Everything in the records below is to be reproduced exactly, apart from the images.

* * * * * * *

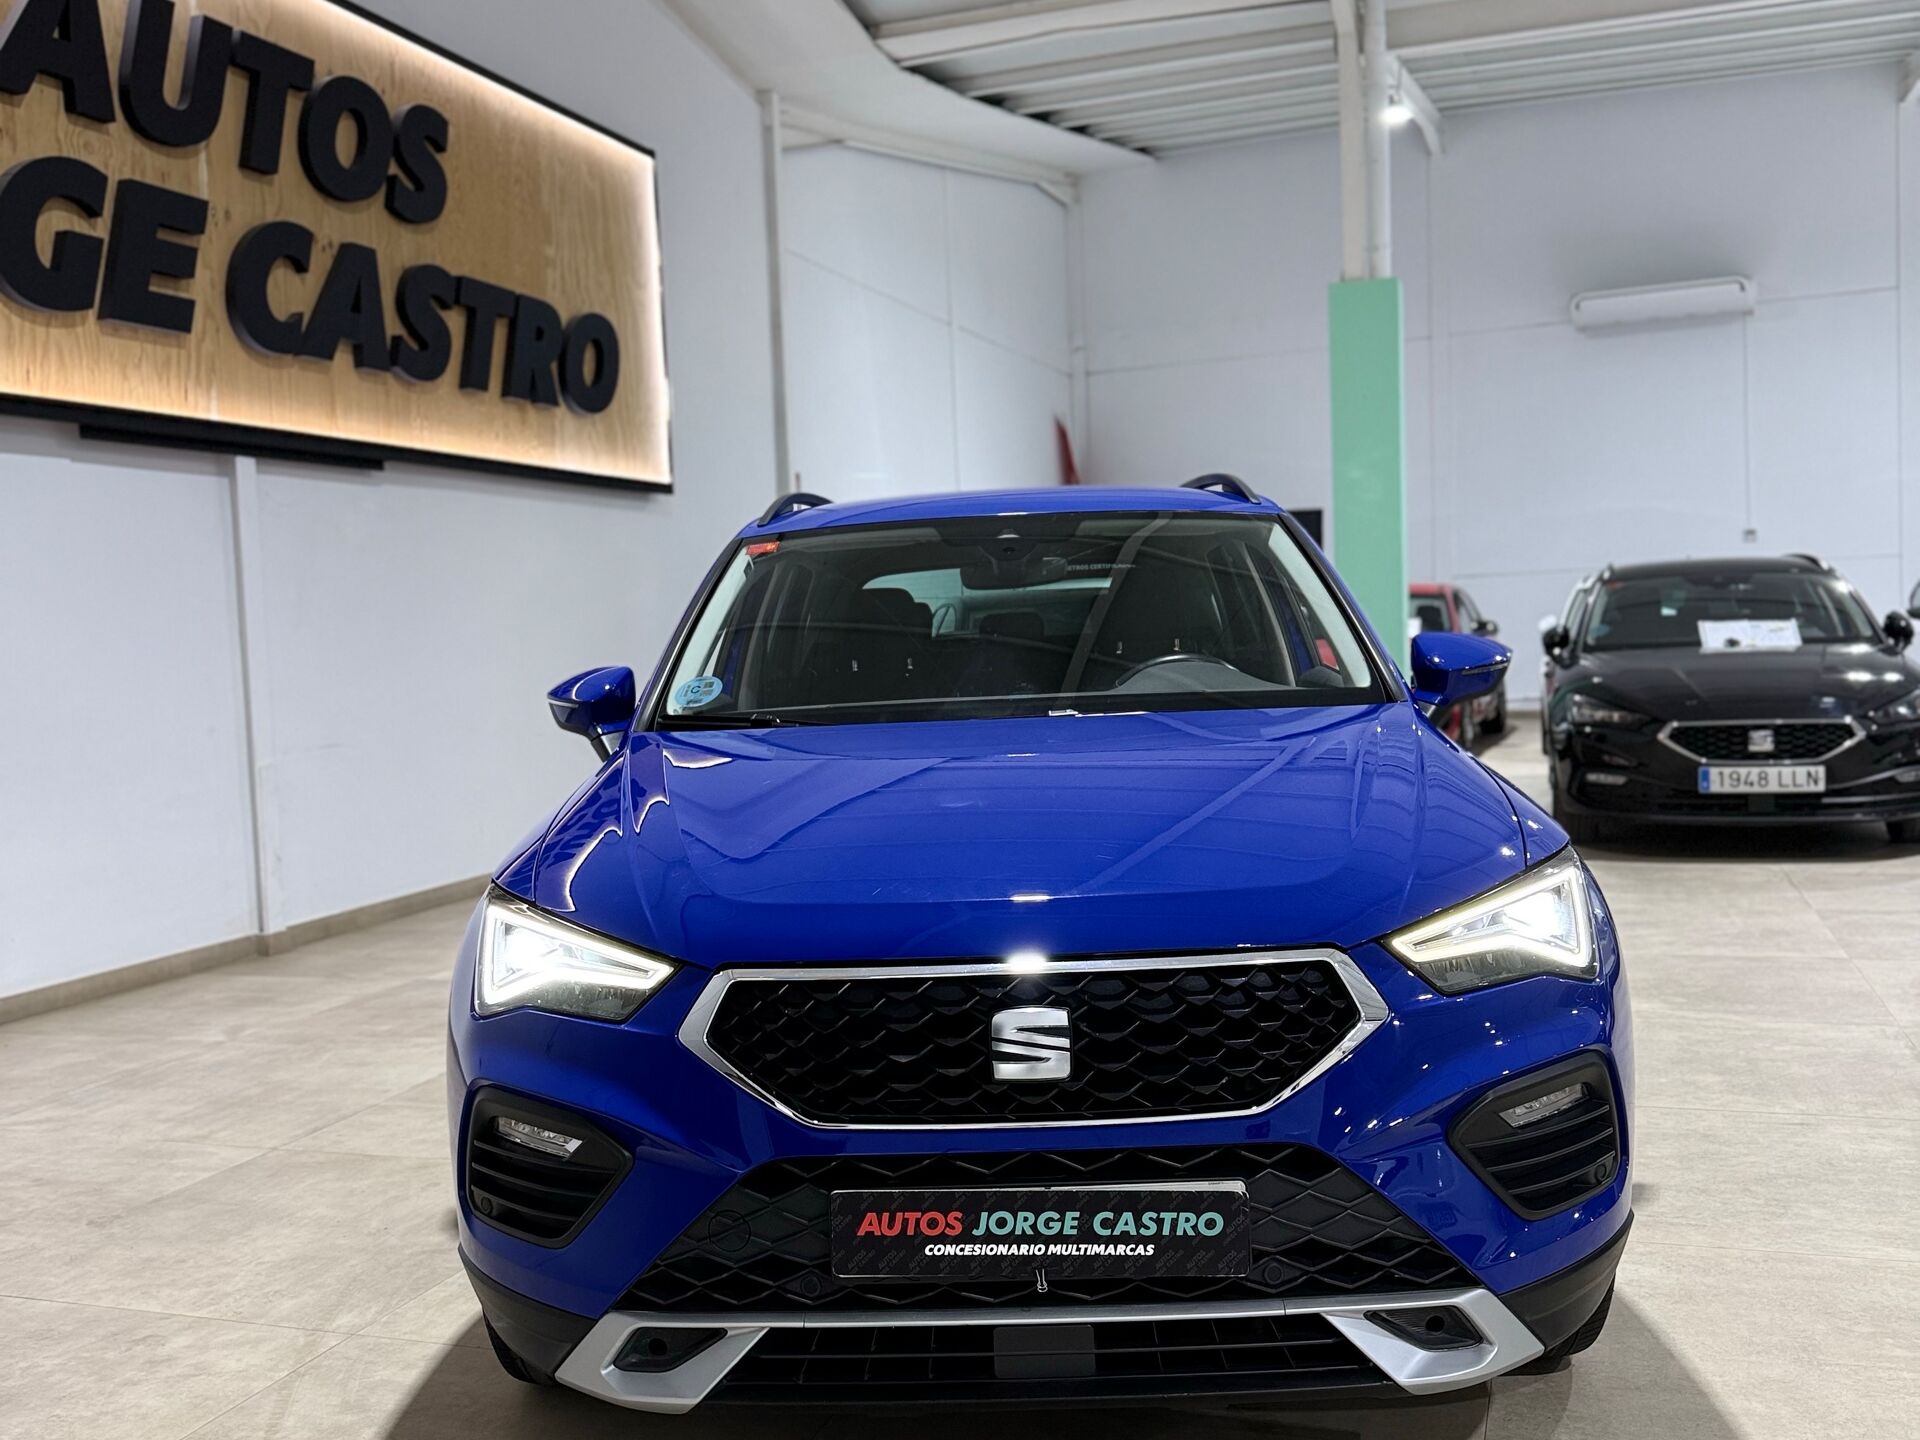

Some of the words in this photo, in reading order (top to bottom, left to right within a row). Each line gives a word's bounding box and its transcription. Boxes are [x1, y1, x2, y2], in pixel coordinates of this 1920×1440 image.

[0, 0, 450, 224] AUTOS
[226, 220, 620, 415] CASTRO
[1717, 770, 1770, 789] 1948
[1777, 769, 1820, 789] LLN
[856, 1211, 963, 1236] AUTOS
[971, 1211, 1080, 1236] JORGE
[1092, 1211, 1224, 1236] CASTRO
[924, 1243, 1046, 1257] CONCESIONARIO
[1047, 1243, 1155, 1257] MULTIMARCAS

* * * * * * *

§ Solution for this task:
Some of the words in this photo, in reading order (top to bottom, left to right within a row). Each line gives a word's bounding box and its transcription. Boxes are [x1, y1, x2, y2], in pixel coordinates of this 1920×1440 image.

[0, 0, 450, 224] AUTOS
[226, 220, 620, 415] CASTRO
[1717, 770, 1770, 789] 1948
[1777, 769, 1820, 789] LLN
[856, 1211, 963, 1236] AUTOS
[971, 1211, 1080, 1236] JORGE
[1092, 1211, 1224, 1236] CASTRO
[924, 1243, 1046, 1257] CONCESIONARIO
[1047, 1243, 1155, 1257] MULTIMARCAS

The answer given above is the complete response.